(Stored data entries)
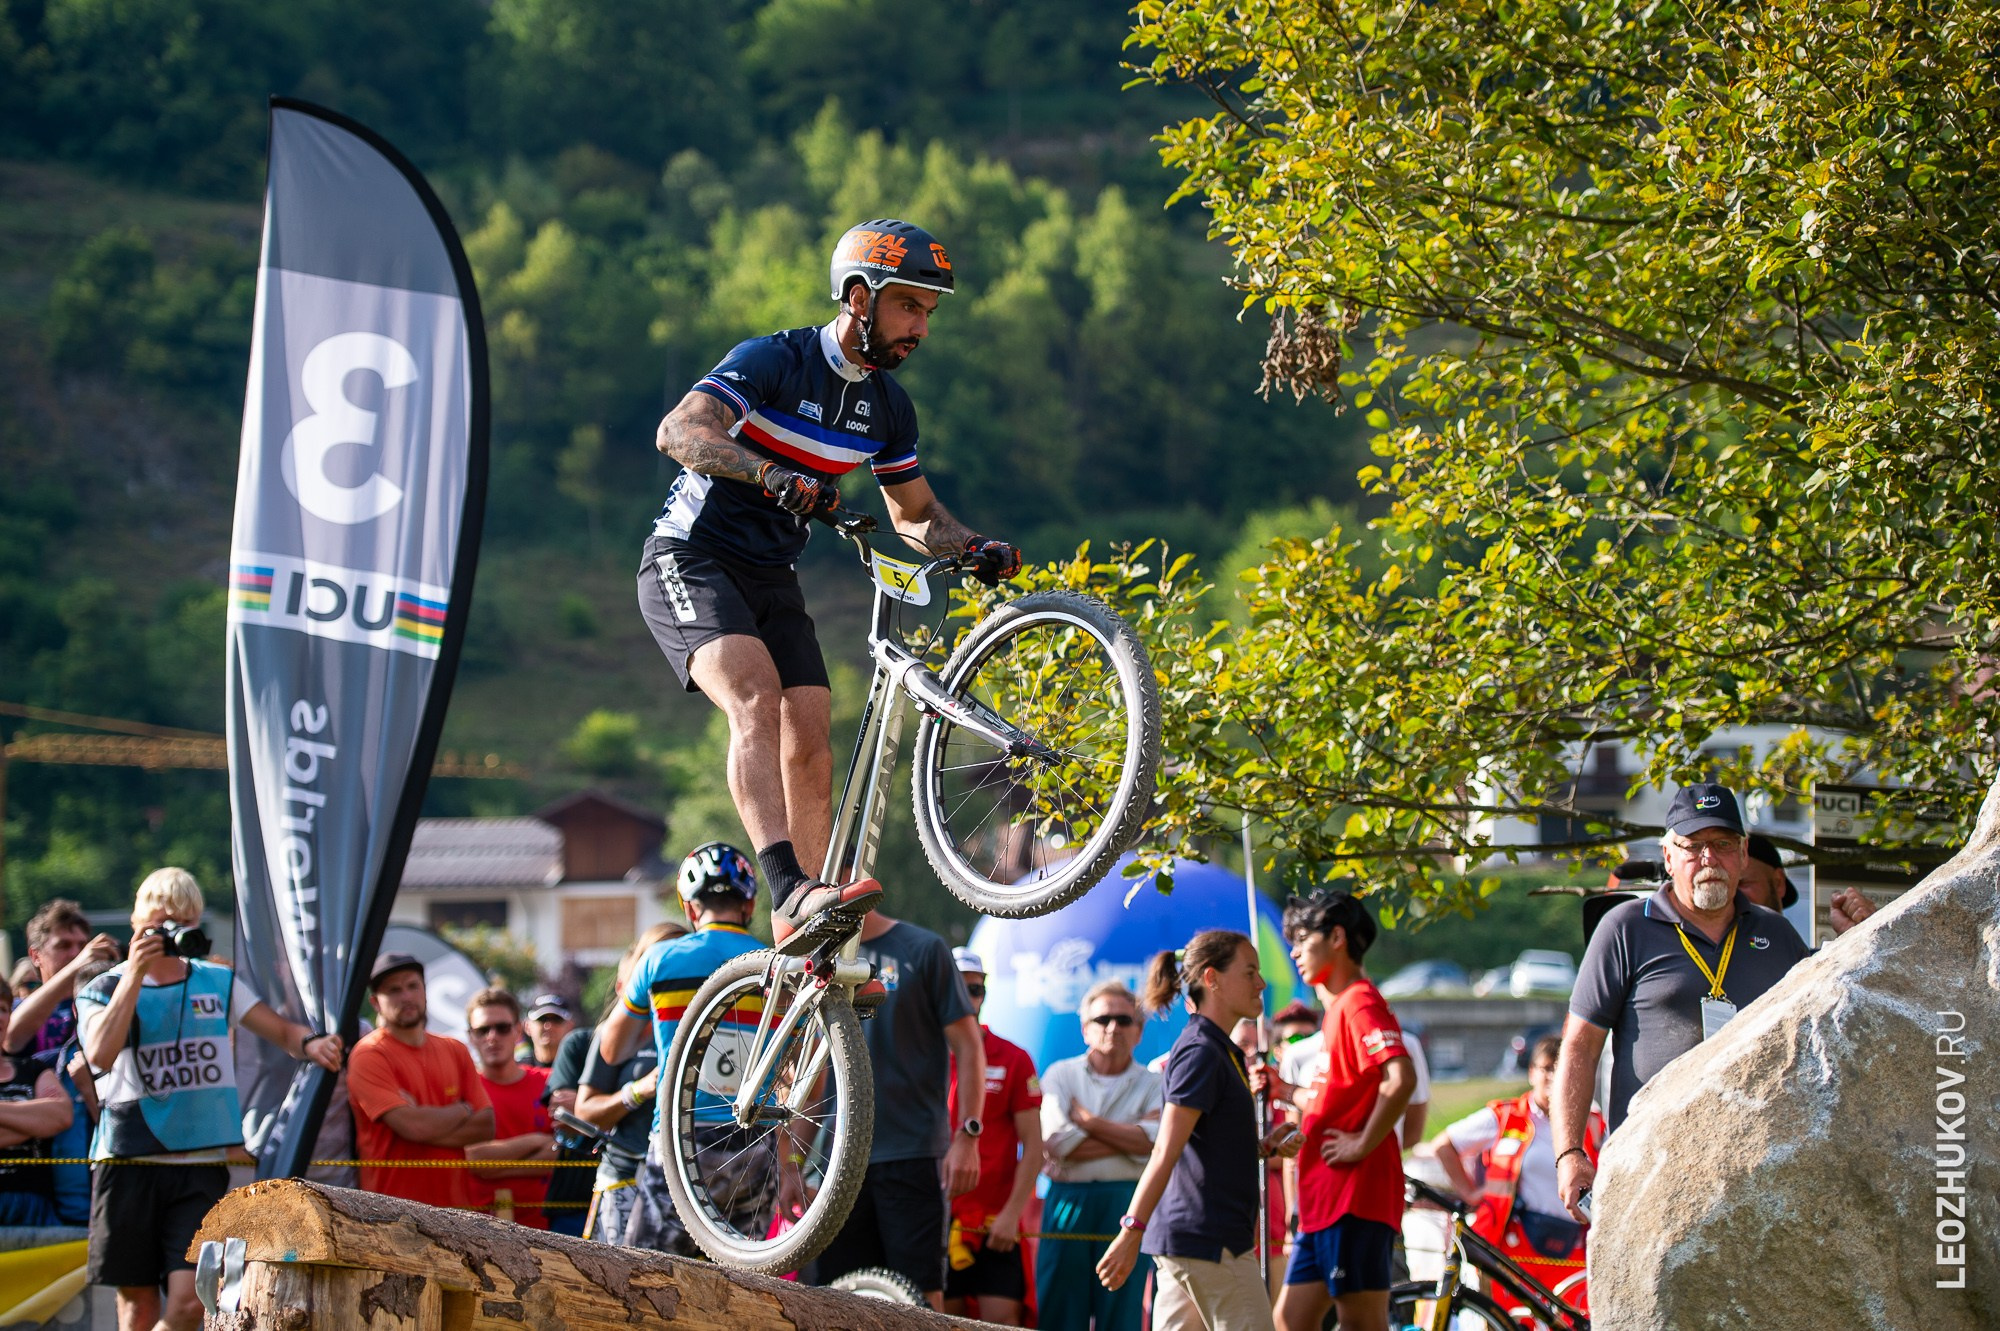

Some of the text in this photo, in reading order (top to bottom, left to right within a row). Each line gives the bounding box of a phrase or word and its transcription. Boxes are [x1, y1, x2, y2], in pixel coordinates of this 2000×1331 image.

[847, 230, 908, 254] TRIAL
[843, 245, 905, 267] IKES
[846, 419, 871, 434] LOOK
[892, 570, 905, 589] 5
[1821, 796, 1857, 813] UCI
[138, 1041, 218, 1068] VIDEO
[716, 1048, 735, 1077] 6
[141, 1064, 222, 1092] RADIO
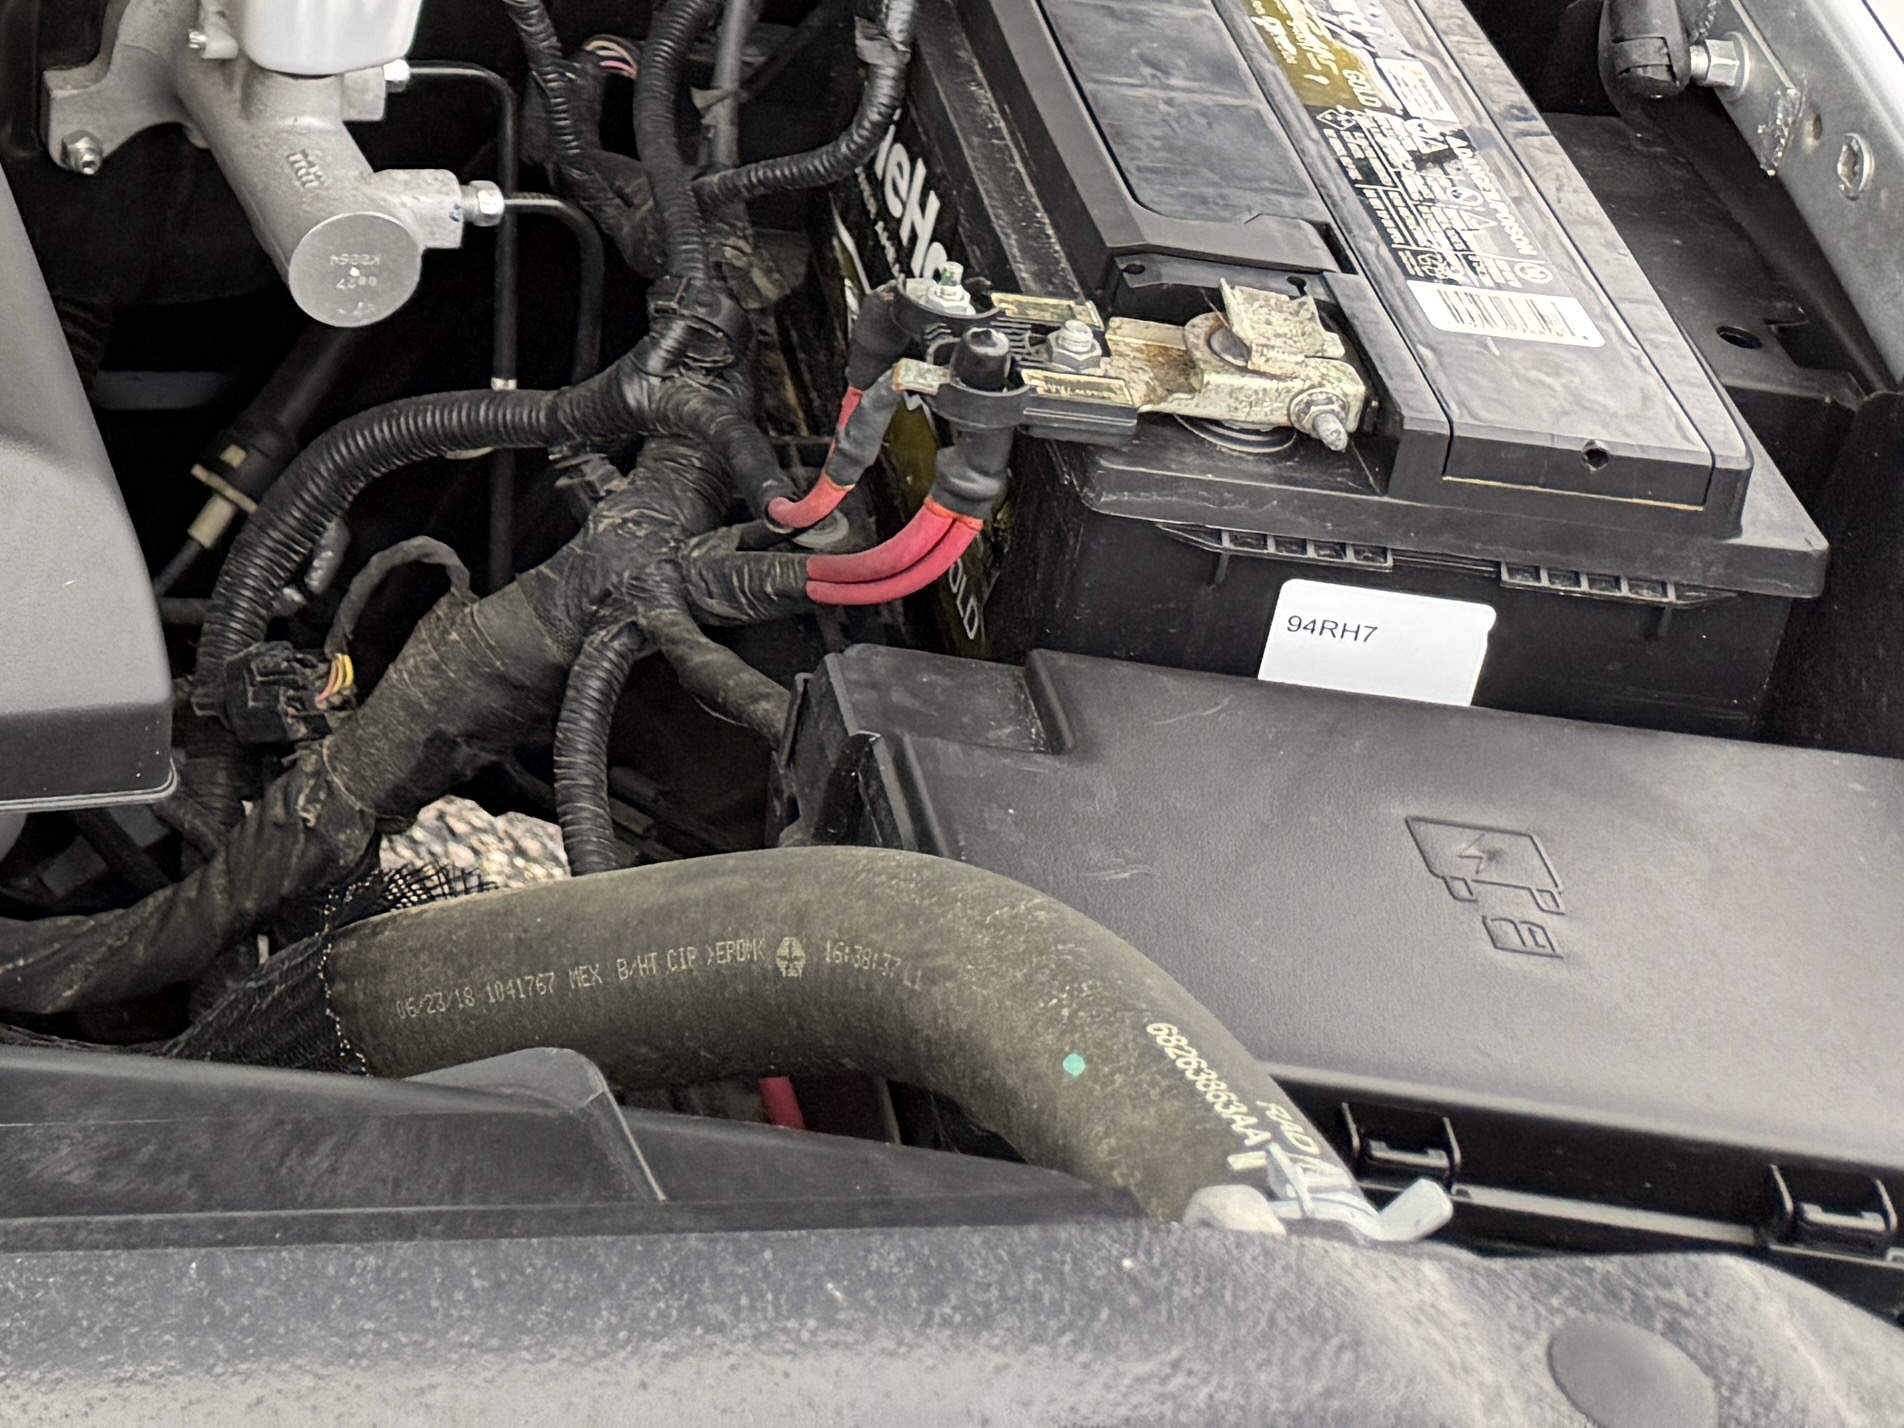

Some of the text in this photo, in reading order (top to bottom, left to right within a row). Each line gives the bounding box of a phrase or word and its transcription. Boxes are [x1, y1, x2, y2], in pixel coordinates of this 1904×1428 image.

* **Task brief**
The records above, copied word for word without the pictures, are what should be output.

* **Response to the task**
Some of the text in this photo, in reading order (top to bottom, left to right within a row). Each line gives the bounding box of a phrase or word and its transcription. Boxes are [x1, y1, x2, y2], in pixel coordinates of this 2000×1331 image.

[847, 230, 908, 254] TRIAL
[843, 245, 905, 267] IKES
[846, 419, 871, 434] LOOK
[892, 570, 905, 589] 5
[1821, 796, 1857, 813] UCI
[138, 1041, 218, 1068] VIDEO
[716, 1048, 735, 1077] 6
[141, 1064, 222, 1092] RADIO

Some of the text in this photo, in reading order (top to bottom, left to right within a row). Each line gives the bounding box of a phrase or word and its transcription. Boxes are [x1, y1, x2, y2], in pixel coordinates of this 1904×1428 image.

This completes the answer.